The second is isolation, which comes in two useful forms. One is specialization: a narrowly-scoped agent with a tight prompt, a focused toolset, and no unrelated context can sometimes outperform a generalist that is holding the whole world in its head, in the same way a focused working set beat a stuffed context window in the working-memory post. The other is deliberate walling-off, cases where you specifically do not want one agent to see everything. An adversarial critic that reviews an answer should not see the author's private reasoning, or it will rubber-stamp it. Independent research paths should not see each other early, or they converge and you lose the breadth you were paying for. Context isolation is a real and sometimes irreplaceable benefit, and it is the one argument for multi-agent that a bigger single context window does not answer.

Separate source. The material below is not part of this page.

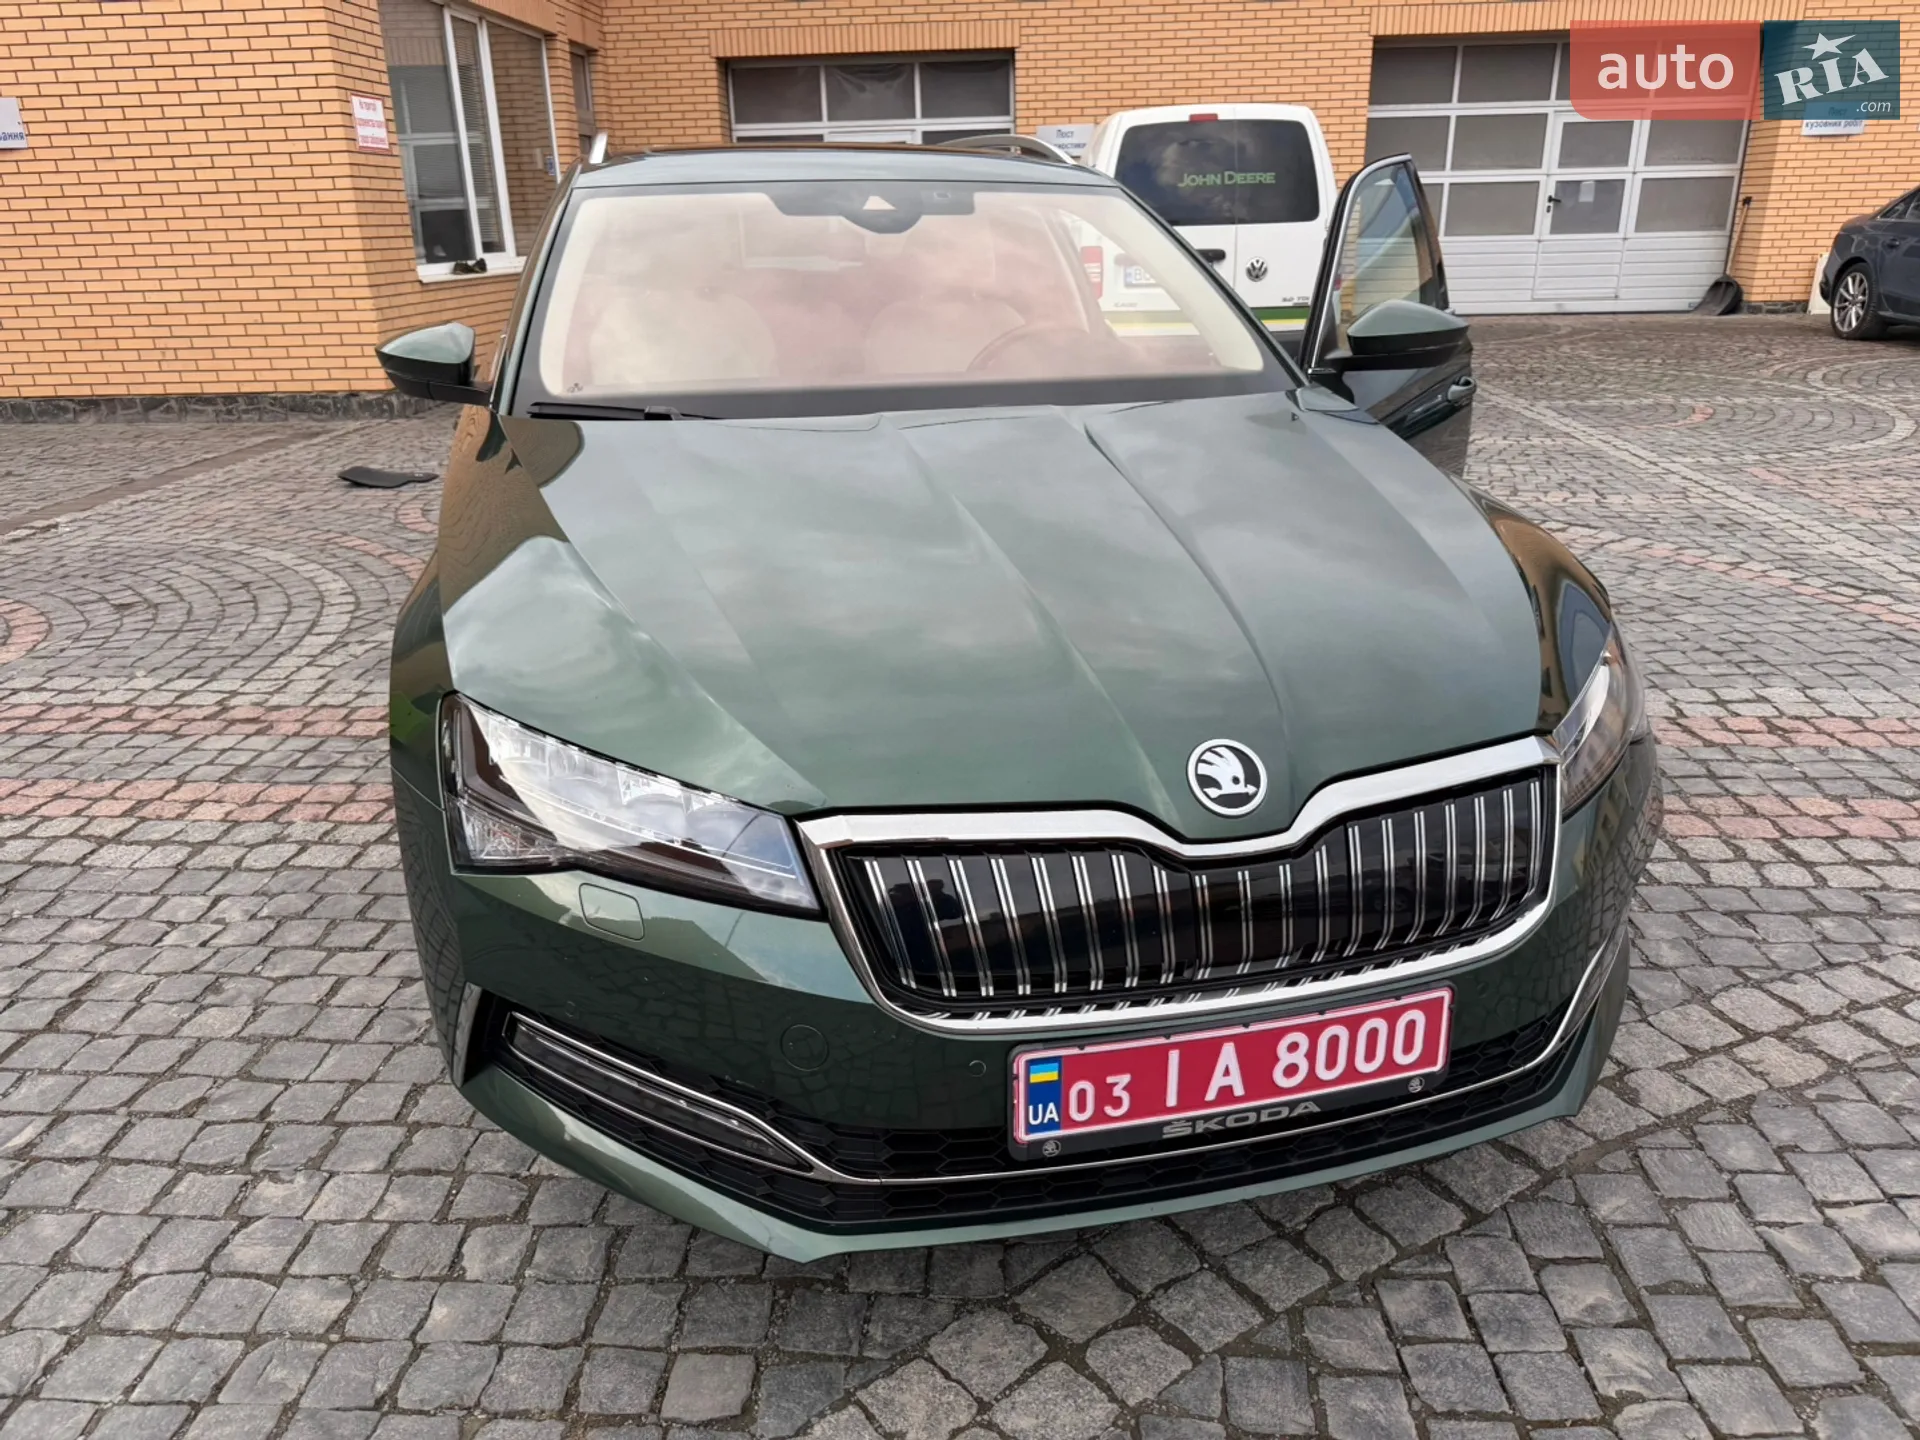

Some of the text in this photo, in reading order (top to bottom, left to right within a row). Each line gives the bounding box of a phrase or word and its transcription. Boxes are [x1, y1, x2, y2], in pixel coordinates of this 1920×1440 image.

That is the entire honest list. Notice what is not on it. Multi-agent does not make a model smarter. It does not fix a bad retriever, a weak prompt, or a missing tool, and reaching for it to paper over those is how teams end up with an expensive distributed system that has all the same bugs, now spread across five processes.
What it charges you
Against those two gains sit three costs, and unlike the gains, you pay all three every time, whether or not the task justifies them.
The first is token multiplication, and it is not linear. An orchestrator plus N workers is not N times the cost of one agent, it is more, because the orchestrator has to establish context for each worker, each worker re-establishes the shared background in its own window, and the synthesis step re-reads everything they produced. Anthropic's own fifteen-times figure is the honest headline here, and their finding that token volume explains most of the score variance is the uncomfortable part: a large share of what a multi-agent system buys you, you could have bought with the same tokens spent on one agent thinking longer. Before you attribute a quality gain to coordination, you have to rule out that you simply spent more, and most comparisons never control for that.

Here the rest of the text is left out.